Possiamo assicurarvi che non si ripeterà quello che è successo, perché intendiamo agire per avere la garanzia irrevocabile che le opere sociali vengano tutelate dallo Stato, che non è in grado di costruirne in quantità sufficiente. Purtroppo anche se venisse riconosciuto il nostro diritto di ricevere un compenso per quanto distrutto, sappiamo benissimo che la cifra sarà irrisoria e i tempi lunghissimi. Con grande dispiacere dobbiamo violare la privacy dei ricoverati mostrandovi certe immagini: la vera vergogna non è mostrare chi soffre, ma di chi ha distrutto tutto ciò che si è fatto per alleviare le sofferenze dei più piccoli e dei più poveri. Anche in questo caso il detto africano che il povero ha sempre torto si è rivelato esatto!

Grazie per quello che potete fare per questi nostri fratelli.
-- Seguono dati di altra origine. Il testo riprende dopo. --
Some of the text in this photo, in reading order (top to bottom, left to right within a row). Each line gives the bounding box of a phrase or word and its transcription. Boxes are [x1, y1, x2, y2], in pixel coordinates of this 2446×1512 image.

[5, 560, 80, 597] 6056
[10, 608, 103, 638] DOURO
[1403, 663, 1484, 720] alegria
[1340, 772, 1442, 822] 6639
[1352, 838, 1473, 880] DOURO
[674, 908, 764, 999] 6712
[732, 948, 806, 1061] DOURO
Un ringraziamento speciale va a Mariagrazia Magrini. Dopo la sua ultima visita in Bénin è rimasta in contatto e opera per il risollevamento di questa prima realizzazione attuata dall'Associazione Chiara Luce Badano in terra di missione. E ancora più per il suo sostegno in questi giorni in cui vive con noi il dramma della distruzione: abbiamo pianto e pregato insieme. Insieme continuiamo a sperare! Il Signore benedica ciascuno di voi per il bene che fate e farete per questo popolo.